**WORK ORDER:**
Return all of the entries word for word, but omit the pictures they contain.

═══ INFORMATION

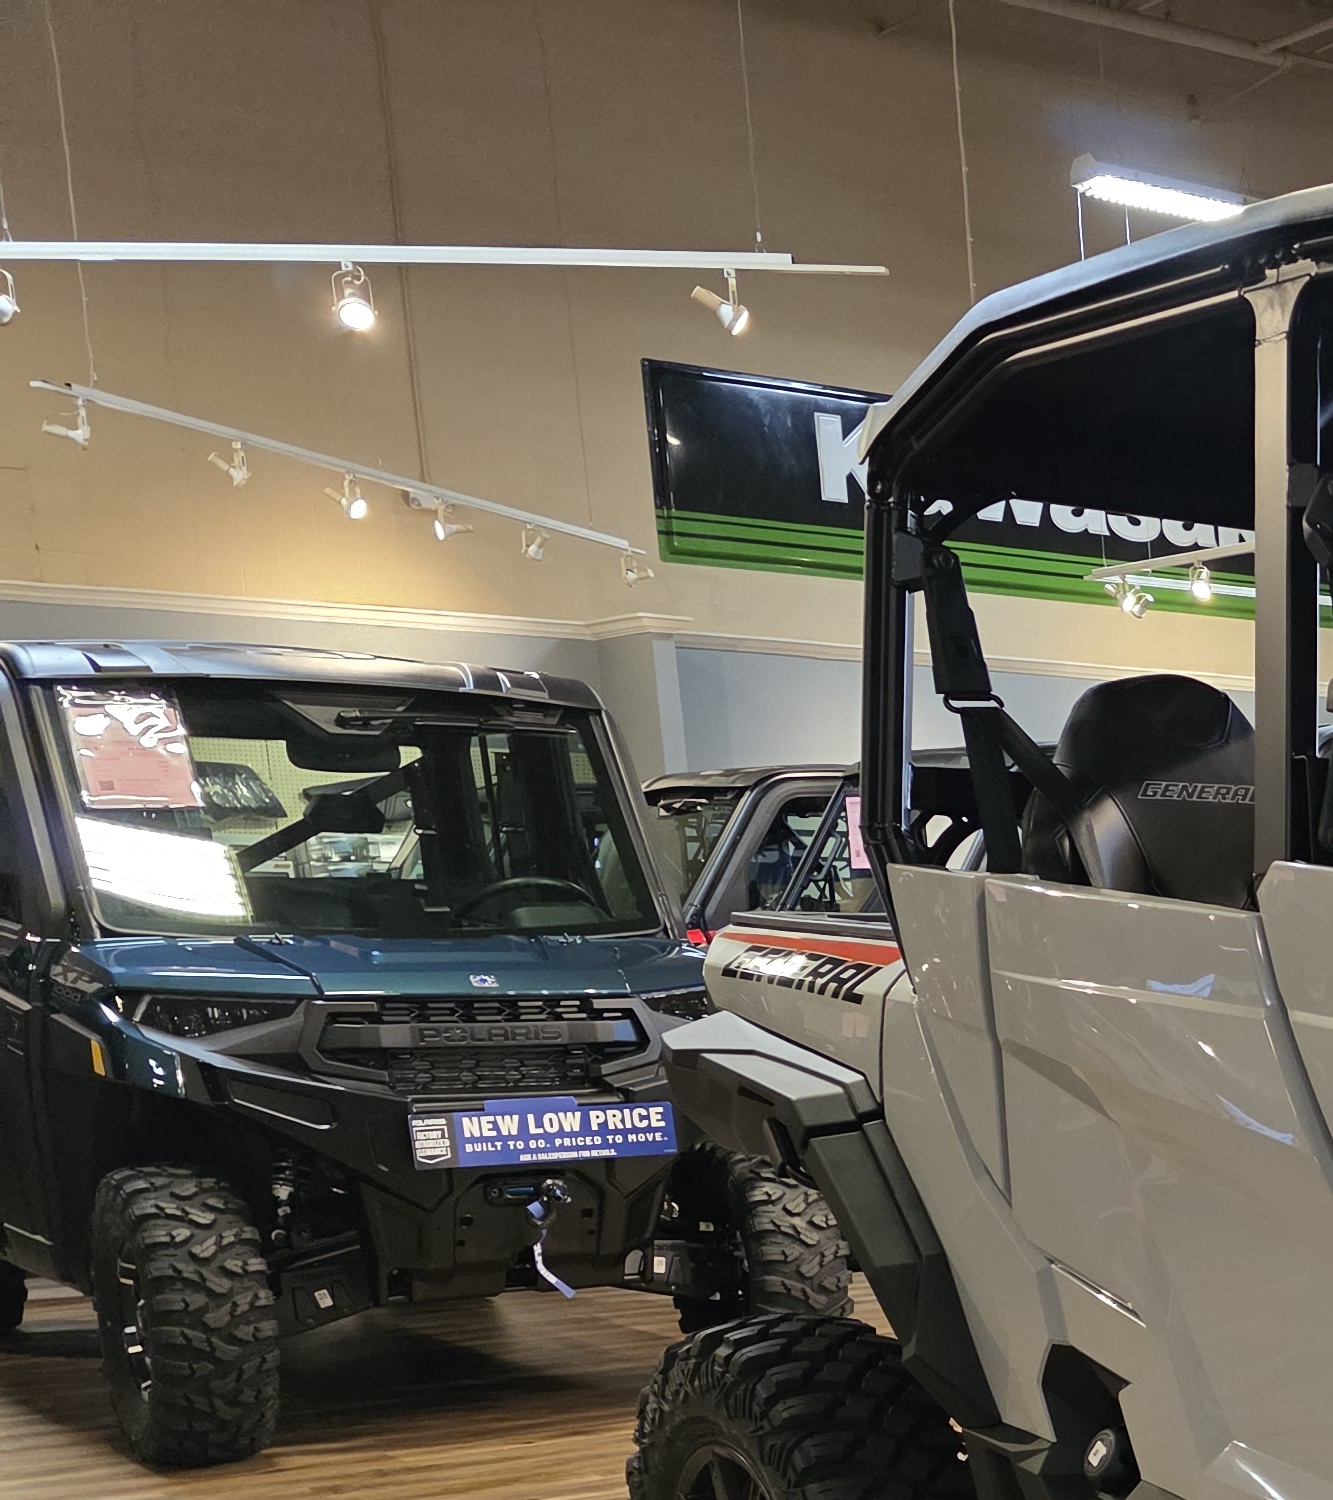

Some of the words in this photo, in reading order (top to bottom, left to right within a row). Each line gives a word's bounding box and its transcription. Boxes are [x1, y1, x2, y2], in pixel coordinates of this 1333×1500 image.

[418, 1025, 562, 1045] POLARIS
[461, 1114, 519, 1138] NEW
[527, 1111, 582, 1135] LOW
[589, 1106, 666, 1131] PRICE
[465, 1141, 503, 1153] BUILT
[507, 1140, 525, 1149] TO
[555, 1136, 602, 1147] PRICED
[607, 1134, 623, 1144] TO
[627, 1132, 669, 1143] MOVE.

══════

**COMPLETED EXERCISE:**
Some of the words in this photo, in reading order (top to bottom, left to right within a row). Each line gives a word's bounding box and its transcription. Boxes are [x1, y1, x2, y2], in pixel coordinates of this 1333×1500 image.

[418, 1025, 562, 1045] POLARIS
[461, 1114, 519, 1138] NEW
[527, 1111, 582, 1135] LOW
[589, 1106, 666, 1131] PRICE
[465, 1141, 503, 1153] BUILT
[507, 1140, 525, 1149] TO
[555, 1136, 602, 1147] PRICED
[607, 1134, 623, 1144] TO
[627, 1132, 669, 1143] MOVE.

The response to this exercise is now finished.